Why I Write: Rebecca Evans

I wrote nonfiction in third person. It’s a strange method to approach narrative, essay and memoir. An unusual way to share a personal story. Most of my work had read like fiction and often, there felt a gap between the main character (me) and the audience. I told myself for years that this form would be a great device. A style of my own. Back then, I wrote my stories from a “she” instead of a “me” perspective.

In writing groups and workshops, my short stories were processed as if fabricated. Initially, feedback was difficult, especially when another writer would say something like, “she would never do that” or “I don’t believe this could happen”, which is a reminder that I had yet to establish enough of my protagonist (me) on the page. Even better was advice, “you might think about her doing this instead…” followed by ideas on how my character, meaning me, should behave. It felt like a cross between a lecture and a counseling session. Yes. I wish I could show more of the interior of my character (me).  And I wish my character (me) would have done things different. Don’t we all?

Yet my form with third-person memoir did succeed, but not through publication or recognition. I found, through the use of third-person, I could write the hard stuff, the stuff that damaged me, that changed me, that shamed me. I could write this as if I were writing about somebody else. As if this wasn’t me at all. With this technique, I found myself raw, real, and willing to commit to truth. I was less likely to edit while I wrote when the prose wasn’t closely attached to me.

In my first residency at Sierra Nevada’s MFA program, I wanted to brave up and read at open mike. I had some strong material, mostly excerpts from a larger manuscript that stayed stored in a file, waiting for revision. The section I selected was from a writing prompt based on a poem, “If These Old Walls Could Talk”, and is often used in a therapeutic setting. Not only had my essay been distanced from me in a third person POV, but it was also told through the perspective of my childhood walls. Before my reading, my mentor asked me why I wrote in third person.

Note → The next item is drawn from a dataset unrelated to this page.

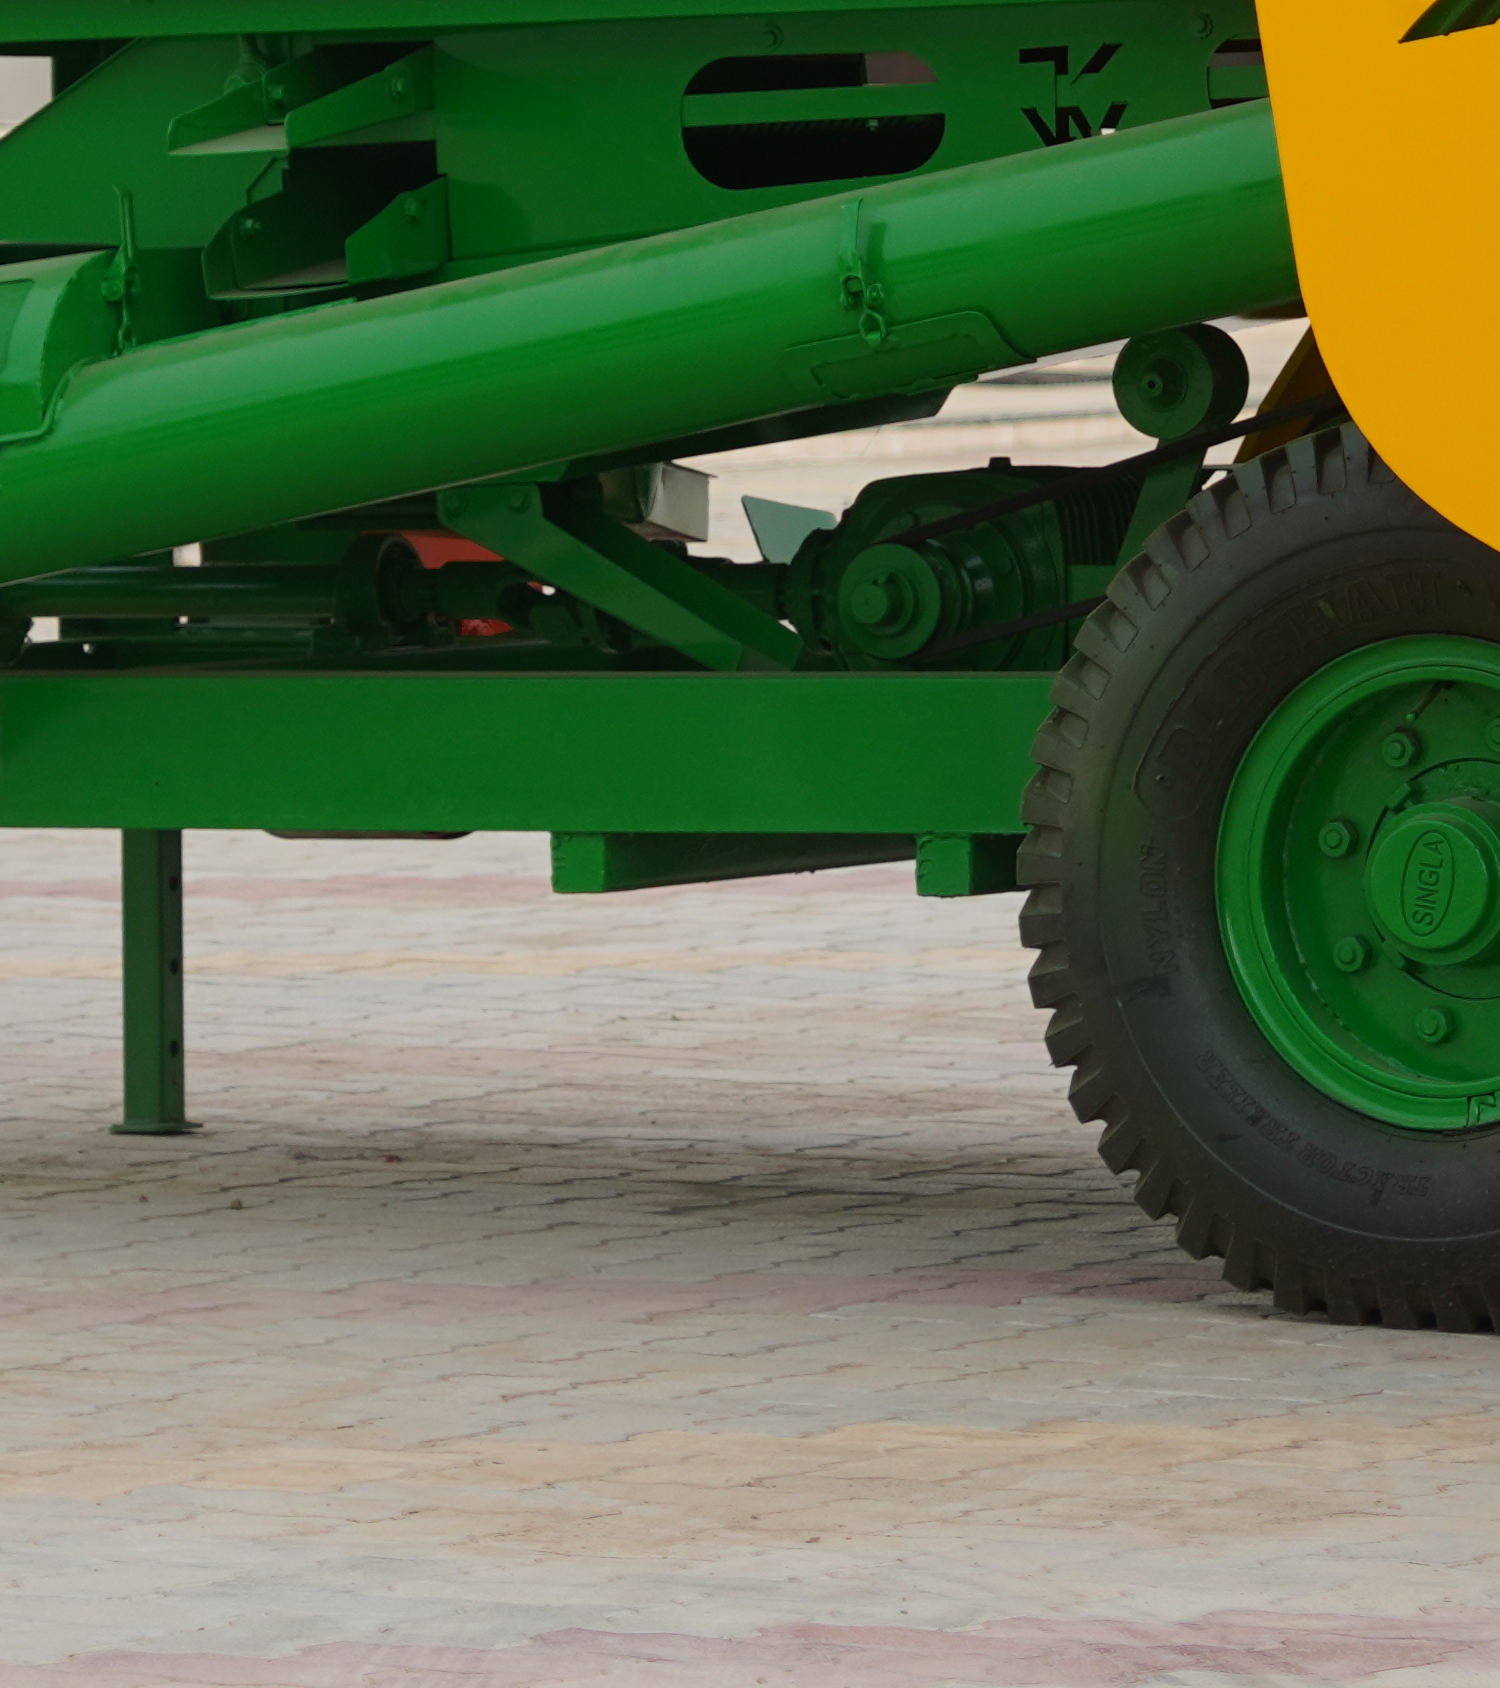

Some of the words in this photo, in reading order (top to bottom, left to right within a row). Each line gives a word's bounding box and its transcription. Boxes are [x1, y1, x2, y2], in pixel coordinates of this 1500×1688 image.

“This keeps you safe,” she said, “distant from, not only your own story, but from the reader. Your material might be too hard to do this, but maybe try to tell it in first person.”

And then she asked about the walls. If I stayed behind the walls, secure in my hiding, then I created even more space between my own story and me. Between my reader and me.

The revision of this one-page excerpt brought me to my barren floor that night, alone in a dorm room in late summer Nevada. I had already tried to break away other barriers in my writing during the first few days in the program. I had watched a mamma bear and her two cubs, less than twenty feet from my study group, quietly walk across campus in the hazy gray midnight sky, reminding me that protection of one’s children need not be brutal, but could simply be a presence. Reminding me that writing, even with a group of passionate, creative spirits and Mother Nature herself, was always a solo flight. Reminding me that my interpretation of that bear was unique, and how I capture story will be through, not just my eyes and my memories, but my heart. I needed to reconnect my own story to me. I needed to own my story.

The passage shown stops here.